Margaret Donaldson sat in the living room of her smart 3 bedroom home near Fulham Road in London. Her eyes were watery and her hands shook as she finally signed the sale papers of her house; the very house where her life, her dreams and her hopes had taken root.
She remembered when, almost ten years to the day, when she, a receptionist in a small company married Michael, who was the Sales Manager in her company. She remembered their wedding day, the vows, her friends, her relations, everyone. Her honeymoon with life had just begun.
It seemed like only yesterday when Michael had grabbed her in his arms and carried her into this very house. Michael was so charming, so full of fun and energy and there was never a dull moment in Margaret’s life.
Margaret remembered the days when she had brought her two sons, David and Jonathan, into their lives. She remembered the joys of raising her two boys and how Michael helped her in their parental duties every step of the way.
Michael was a good husband and a great father. He spared no expense to ensure that his sons went to the best schools, he worked overtime to repay the mortgage on their modest property. He had done everything in his power and ability to keep his family happy. Margaret had never felt the need to work nor did she develop any new life skills.
And then, out of the blue, Margaret’s life changed forever. Michael was diagnosed with an aggressive type of cancer. The hospital did its best to cure him; they tried chemotherapy, radiation, etc. Nothing helped and within a month, Michael had passed away, leaving his loved ones behind.
And that is when Margaret’s honeymoon with life really ended.
Whenever the bread winner in any family passes away, everything boils down to money. Michael had not protected himself financially and had neither health insurance nor life cover. He’d always believed that he was too young and it would be something he’d get around to. He didn’t leave much behind. The schooling and the living costs ate up his salary and all that was left was the house. The very place where Margaret had lived her life and now she was being forced to sell.
Margaret had to sell the house to pay debts. There were school fees due. Then there was that loan Margaret had taken from a friend to pay the funeral expenses. After that, there were the daily living expenses. And there was no one to provide for the house.

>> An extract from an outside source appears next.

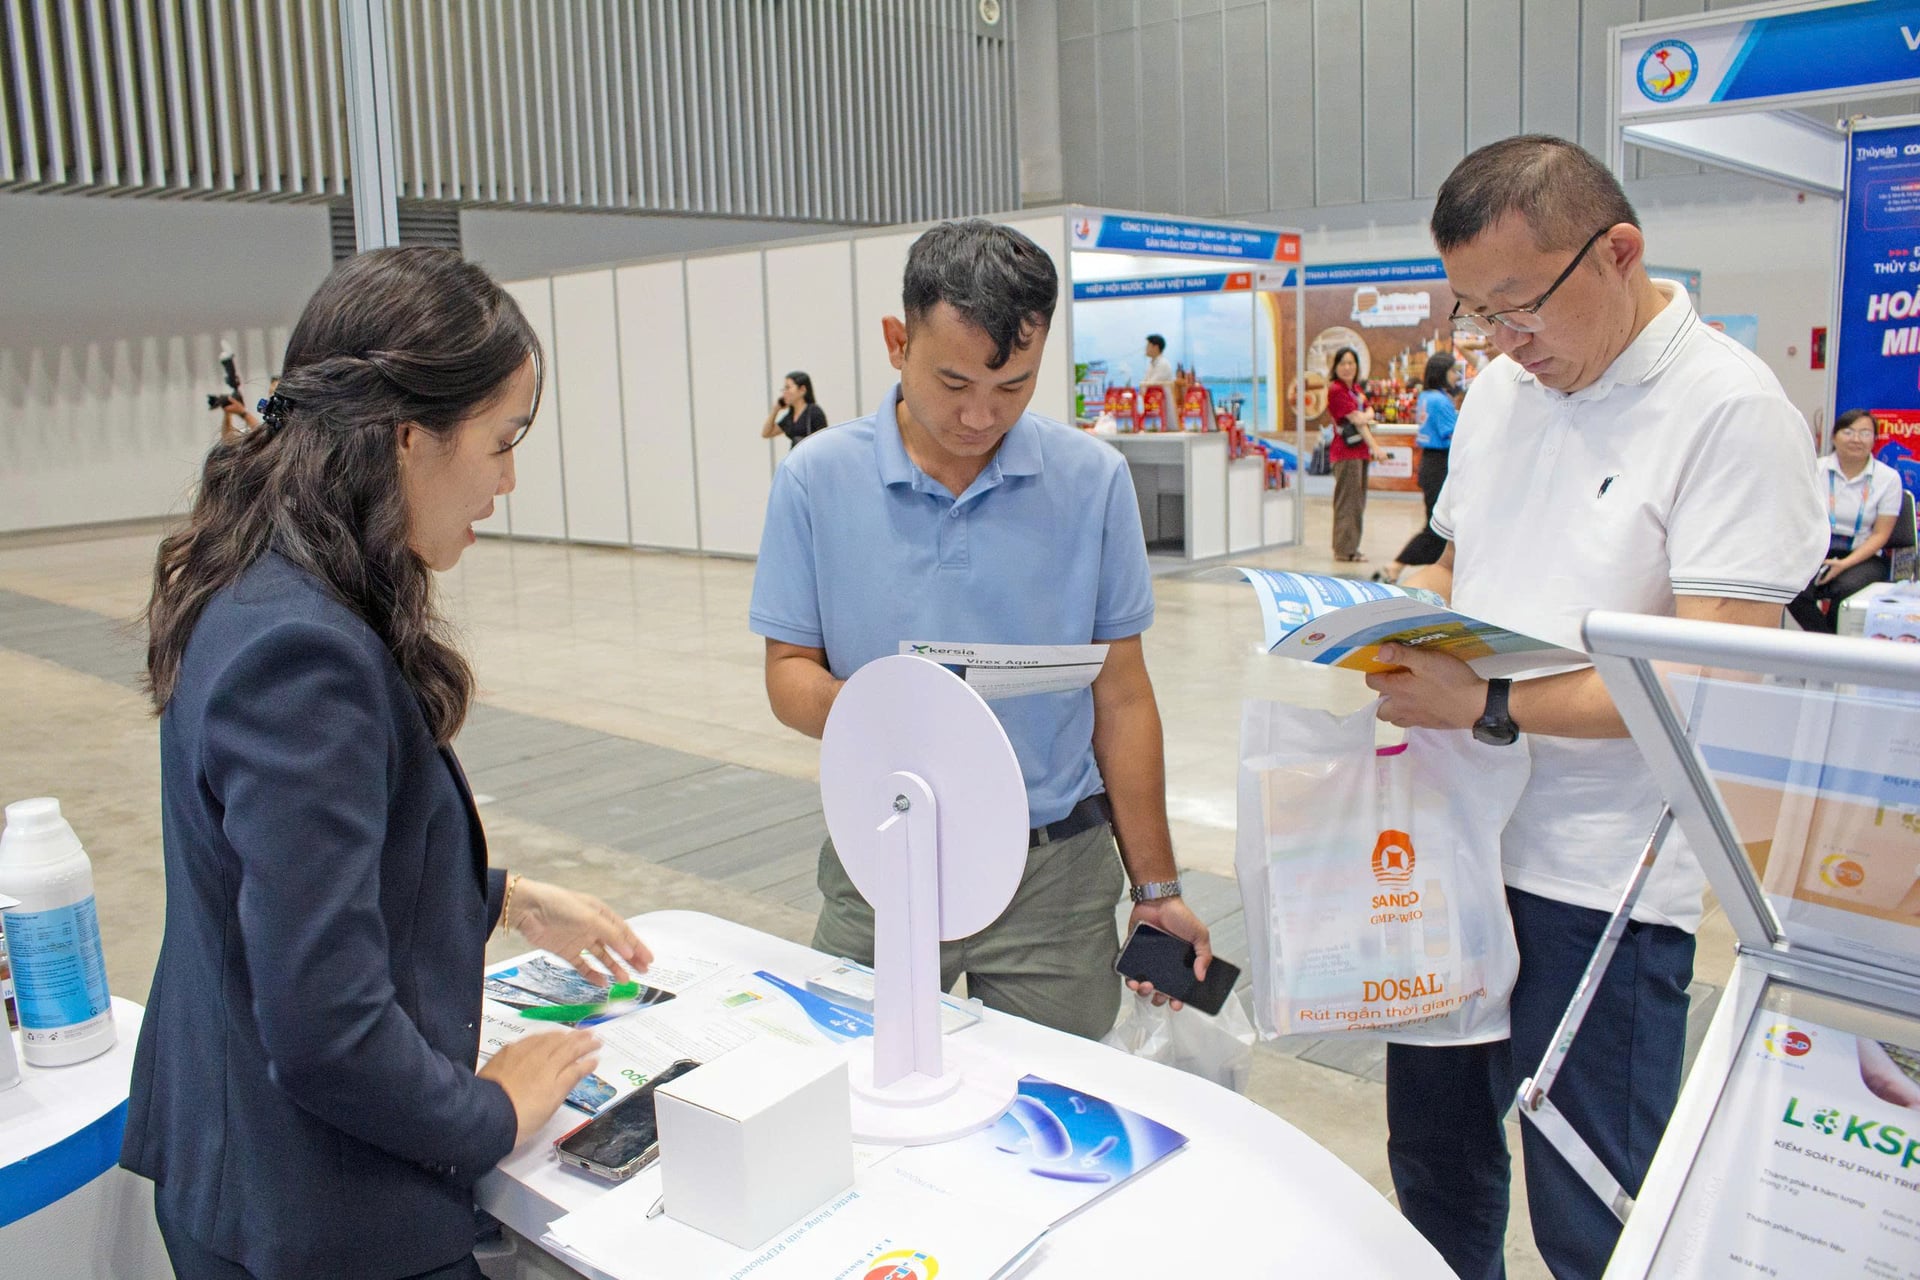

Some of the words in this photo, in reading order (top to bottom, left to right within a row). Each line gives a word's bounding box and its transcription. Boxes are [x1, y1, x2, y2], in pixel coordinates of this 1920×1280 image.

If only Michael had provided for his family by covering himself with a life insurance policy. Things would have been different today. Margaret would not have to sell the house and move to an unfamiliar area to buy a cheaper property. Nor would her sons be exposed to the harsh realities of life at such a tender age.
Her eyes still wet, Margaret signed the sale deed. She had sold the house for just under 300,000. She would now use half this money to buy a small 2-bedroom semi and use the rest to pay the hospital bills and other debts. What little was left was deposited in the bank.
Margaret was starting life all over again. A life where she needed to work, where she needed to pick up new skills and a life that would never be the same again.
That was Margaret’s tragic story. And, for all you know, this could be the story of thousands of Britons.
If you have financial responsibility for others, you need to realise that anything can happen in life and you must be prepared for any eventualities. You owe it to your family, to those left behind, just in case the worst should happen. You need to be protected.